**Work instructions**
Each entry below should be returned exactly as is, with the pictures removed.

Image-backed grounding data

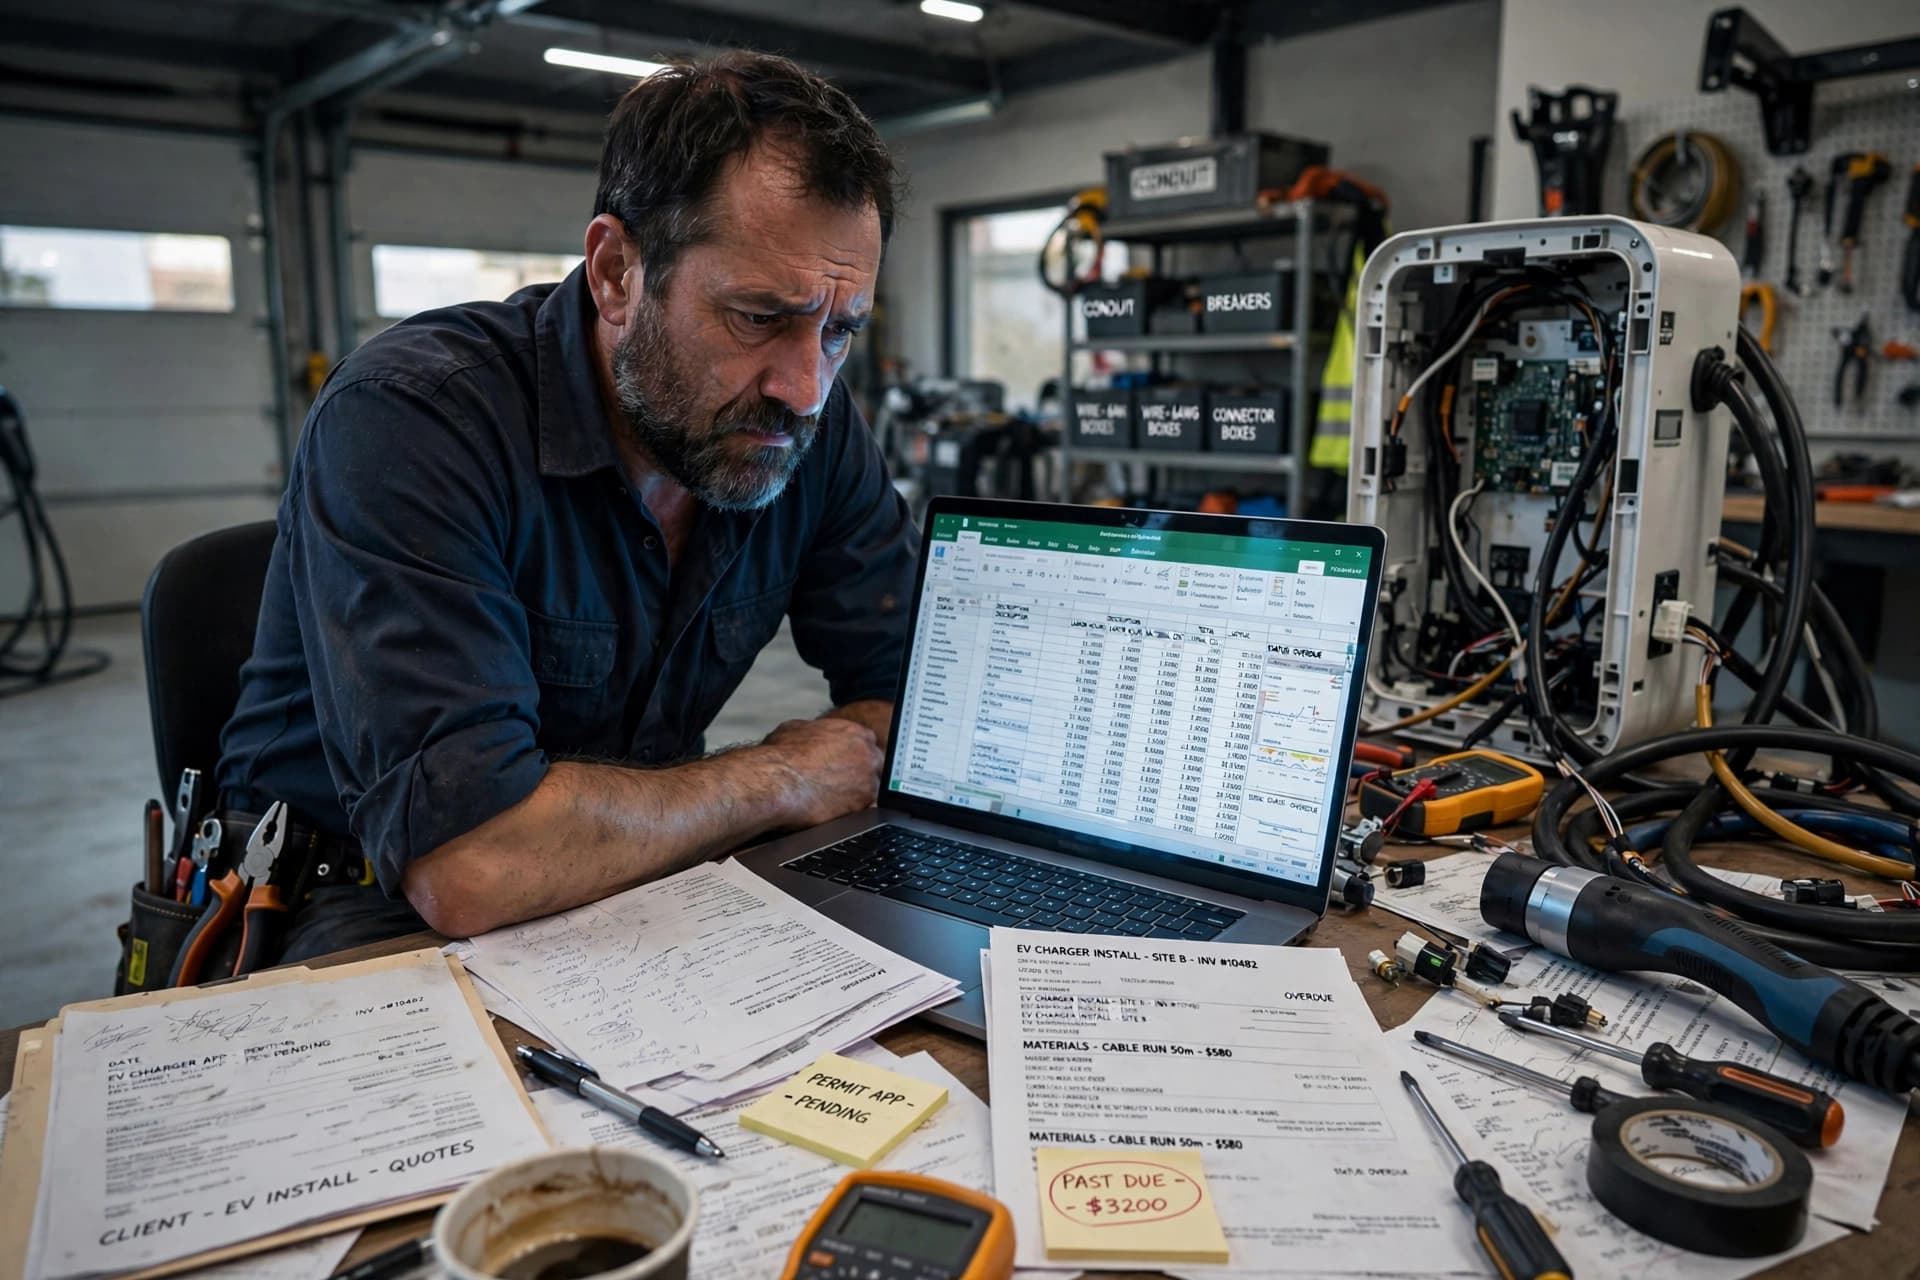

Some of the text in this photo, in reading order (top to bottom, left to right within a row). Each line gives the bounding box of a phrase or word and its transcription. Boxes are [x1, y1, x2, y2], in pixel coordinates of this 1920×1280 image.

[1207, 292, 1272, 312] BREAKERS
[1213, 407, 1276, 423] CONNECTOR
[1148, 421, 1181, 437] BOXES
[1221, 425, 1256, 441] BOXES
[1017, 944, 1031, 953] EV
[1034, 945, 1090, 957] CHARGER
[1093, 949, 1141, 961] INSTALL
[1152, 952, 1176, 963] SITE
[1179, 954, 1187, 964] B
[1197, 956, 1216, 966] INV
[1220, 958, 1258, 969] #10482
[1284, 991, 1335, 1003] OVERDUE
[355, 1007, 375, 1016] INV
[1023, 1040, 1089, 1051] MATERIALS
[1102, 1043, 1139, 1053] CABLE
[1143, 1044, 1167, 1054] RUN
[1171, 1045, 1194, 1055] 50m
[1206, 1047, 1233, 1058] $580
[108, 1072, 125, 1082] EV
[273, 1039, 332, 1057] PENDING
[108, 1057, 141, 1068] DATE
[807, 1073, 871, 1096] PERMIT
[868, 1090, 906, 1105] APP
[794, 1095, 871, 1123] PENDING
[1029, 1131, 1096, 1144] MATERIALS
[1108, 1135, 1148, 1146] CABLE
[1150, 1136, 1176, 1147] RUN
[1179, 1137, 1203, 1148] 50m
[1062, 1173, 1114, 1190] PAST
[1124, 1173, 1167, 1188] DUE
[99, 1211, 193, 1247] CLIENT
[224, 1197, 256, 1216] EV
[266, 1172, 359, 1206] INSTALL
[388, 1140, 475, 1173] QUOTES
[1086, 1196, 1168, 1216] $3200

**Output**
Some of the text in this photo, in reading order (top to bottom, left to right within a row). Each line gives the bounding box of a phrase or word and its transcription. Boxes are [x1, y1, x2, y2], in pixel coordinates of this 1920×1280 image.

[1207, 292, 1272, 312] BREAKERS
[1213, 407, 1276, 423] CONNECTOR
[1148, 421, 1181, 437] BOXES
[1221, 425, 1256, 441] BOXES
[1017, 944, 1031, 953] EV
[1034, 945, 1090, 957] CHARGER
[1093, 949, 1141, 961] INSTALL
[1152, 952, 1176, 963] SITE
[1179, 954, 1187, 964] B
[1197, 956, 1216, 966] INV
[1220, 958, 1258, 969] #10482
[1284, 991, 1335, 1003] OVERDUE
[355, 1007, 375, 1016] INV
[1023, 1040, 1089, 1051] MATERIALS
[1102, 1043, 1139, 1053] CABLE
[1143, 1044, 1167, 1054] RUN
[1171, 1045, 1194, 1055] 50m
[1206, 1047, 1233, 1058] $580
[108, 1072, 125, 1082] EV
[273, 1039, 332, 1057] PENDING
[108, 1057, 141, 1068] DATE
[807, 1073, 871, 1096] PERMIT
[868, 1090, 906, 1105] APP
[794, 1095, 871, 1123] PENDING
[1029, 1131, 1096, 1144] MATERIALS
[1108, 1135, 1148, 1146] CABLE
[1150, 1136, 1176, 1147] RUN
[1179, 1137, 1203, 1148] 50m
[1062, 1173, 1114, 1190] PAST
[1124, 1173, 1167, 1188] DUE
[99, 1211, 193, 1247] CLIENT
[224, 1197, 256, 1216] EV
[266, 1172, 359, 1206] INSTALL
[388, 1140, 475, 1173] QUOTES
[1086, 1196, 1168, 1216] $3200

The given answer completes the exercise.